Der Osten von Oklahoma ist eine ländliche Gegend. Die Menschen hier haben in der Regel wenig Geld übrig und ein Herz für Kämpfer. Auf den jungen Markwayne Mullin trifft beides zu: Als College-Student ist er Ringer und tritt bei regionalen Kampfsport-Turnieren an. Und auch als er Jahre später für den Senat kandidiert, mit Unterstützung von Donald Trump, inszeniert sich Mullin als Krieger für Amerika.
Auch in Washington bleibt Mullin ein Kandidat des Volkes: Er hat keinen Hochschulabschluss, leitet zu Hause weiter das Familienunternehmen für Sanitärtechnik. Er ist Mitglied der indigenen Cherokee Nation. Und er gilt als einer, der seine weißen Hemdärmel auch mal hochkrempeln kann.
Und sei es, um einem Gewerkschaftsführer während einer Ausschusssitzung Prügel anzudrohen. „Wenn du schon so große Töne spuckst, dann lass uns das wie zwei Erwachsene regeln. Wir können das gleich hier und jetzt erledigen. Komm schon, steh nur auf!“ Hin und wieder müssten die anderen eben einfach eine ins Gesicht kriegen, rühmt sich Mullin später im Fernsehinterview.
Mullin verteidigte ICE nach tödlichen Schüssen
Politisch kämpft Mullin im Senat für Donald Trump. Als dessen Anhänger nach der verlorenen Wahl am 6. Januar 2021 das Kapitol stürmen, hilft Mullin erst dabei, den Sitzungssaal des Senats gegen eindringende Randalierer zu verbarrikadieren. Später stimmt er dann trotzdem gegen die Anerkennung der Wahl von Joe Biden.
Auch als die Einwanderungspolizei ICE in diesem Jahr in Minneapolis zwei protestierende US-Bürger erschießt, findet Mullin, die Opfer seien selbst schuld gewesen. Niemand solle Polizeibeamte bei der Ausübung ihrer Arbeit behindern.
Lektionen gelernt?
Mullin übernimmt damals blind die falsche Darstellung der verantwortlichen Heimatschutzministerin Kristi Noem. Ihr soll Mullin jetzt nachfolgen. In der Senatsanhörung gibt Mullin zu: Er habe damals zu schnell geurteilt, ohne die Fakten zu kennen. Das werde ihm als Minister nicht mehr passieren.

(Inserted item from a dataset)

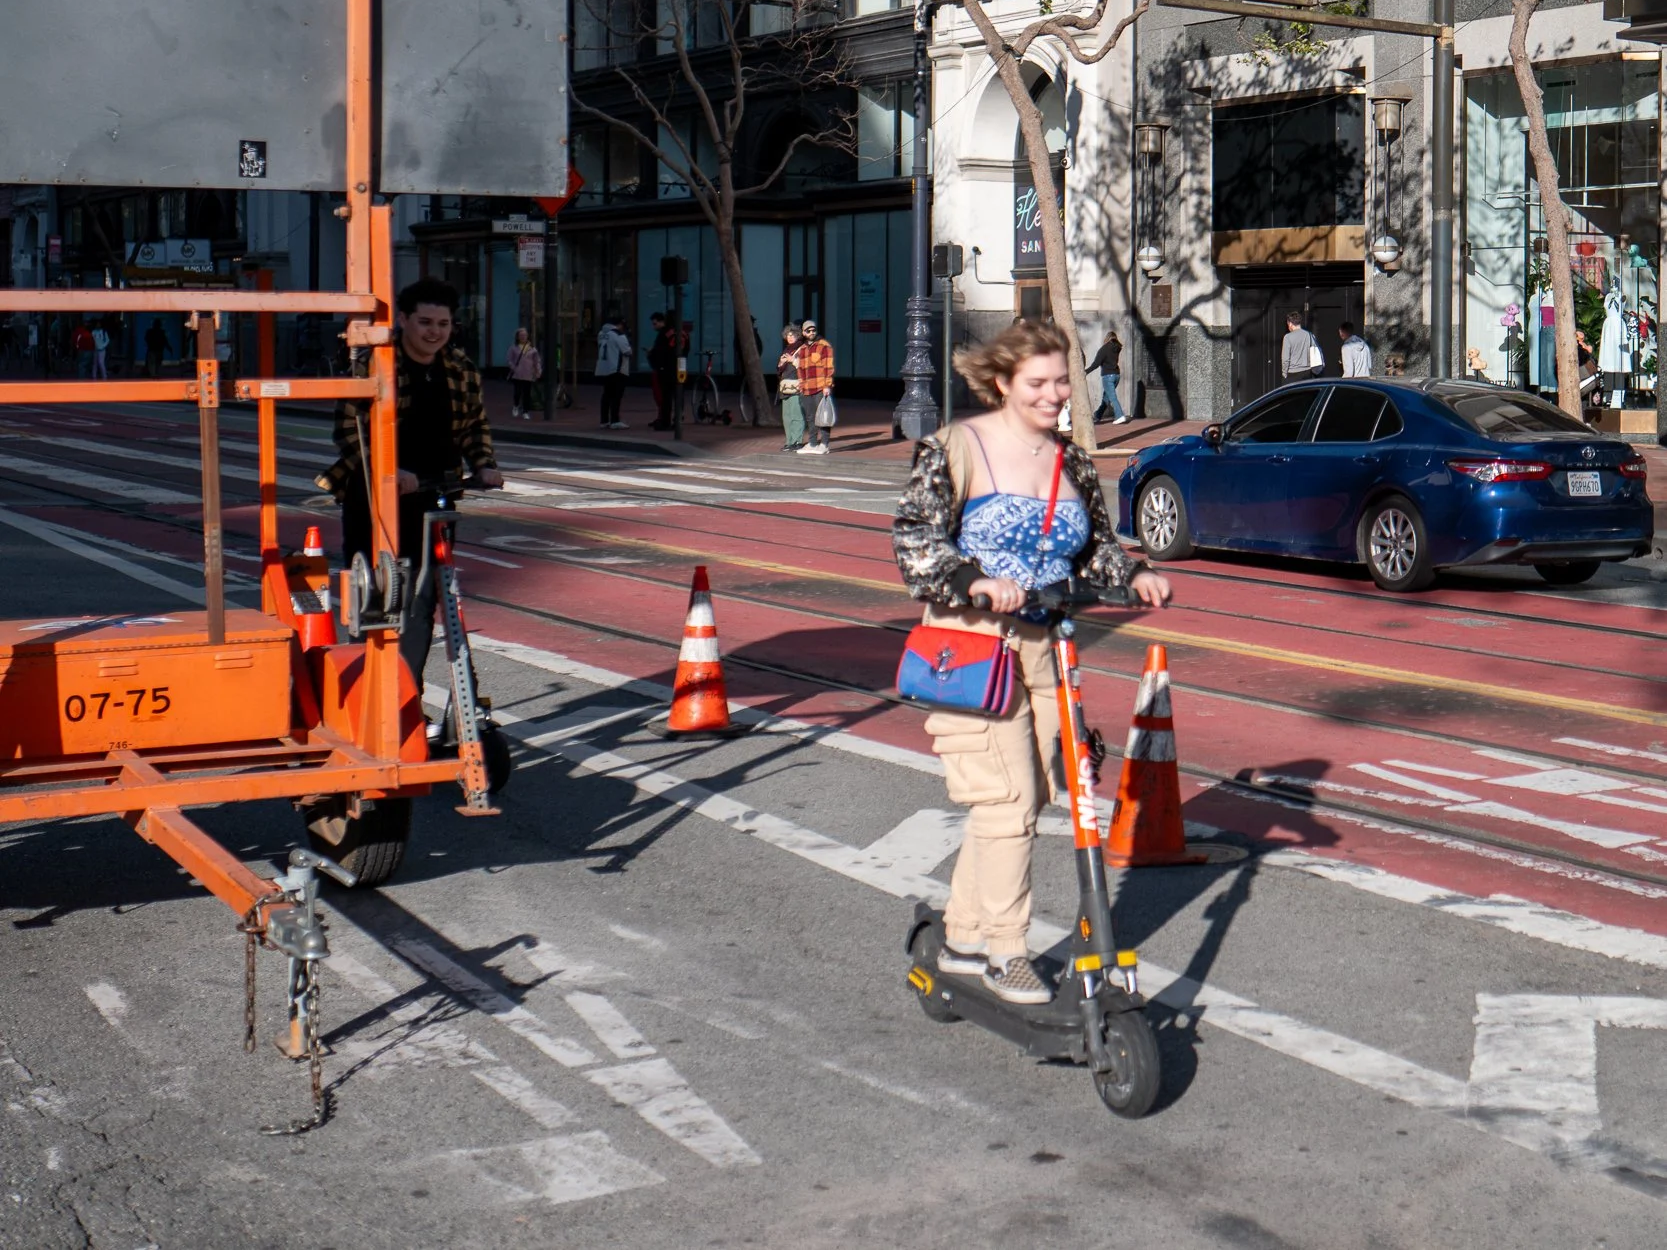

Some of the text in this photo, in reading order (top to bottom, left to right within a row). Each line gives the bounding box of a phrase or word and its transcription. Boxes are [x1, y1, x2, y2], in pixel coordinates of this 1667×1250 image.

[502, 223, 534, 231] POWELL
[1021, 240, 1041, 254] SAN
[65, 687, 171, 722] 07-75
[1076, 756, 1097, 831] SPIN

Mullin gibt sich in letzter Zeit häufiger einsichtig, spricht von Fehlern und gelernten Lektionen. Die Einwanderungsbehörde ICE solle nun mit den Städten kooperieren, statt sie zu konfrontieren. Und man sollte doch Wege der legalen Einwanderung prüfen – vollkommen neue Töne für Mullin.

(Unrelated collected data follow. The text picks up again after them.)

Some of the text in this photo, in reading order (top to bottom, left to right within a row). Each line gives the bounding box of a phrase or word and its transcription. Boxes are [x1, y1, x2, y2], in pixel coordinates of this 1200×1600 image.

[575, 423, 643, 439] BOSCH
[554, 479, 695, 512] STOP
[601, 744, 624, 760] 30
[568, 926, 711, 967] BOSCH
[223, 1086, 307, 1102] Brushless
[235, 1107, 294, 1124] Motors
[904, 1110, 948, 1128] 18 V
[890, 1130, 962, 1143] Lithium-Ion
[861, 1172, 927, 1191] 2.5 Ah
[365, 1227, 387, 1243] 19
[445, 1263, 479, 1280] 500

Kritiker sprechen von Aggressionsproblemen
Seine Kritiker im Senat wie Rand Paul aus Kentucky melden trotzdem Zweifel an. Mullin habe Aggressionsprobleme und wie solle er da das richtige Vorbild für Beamte von ICE und Grenzpolizei sein.
Erfahrung mit der Leitung einer größeren Bundesbehörde hat Mullin keine – wie so viele im Kabinett von Donald Trump. Der schätzt andere Qualitäten: bedingungslose Loyalität, Glaubwürdigkeit in der Zielgruppe und einen großen Kampfgeist.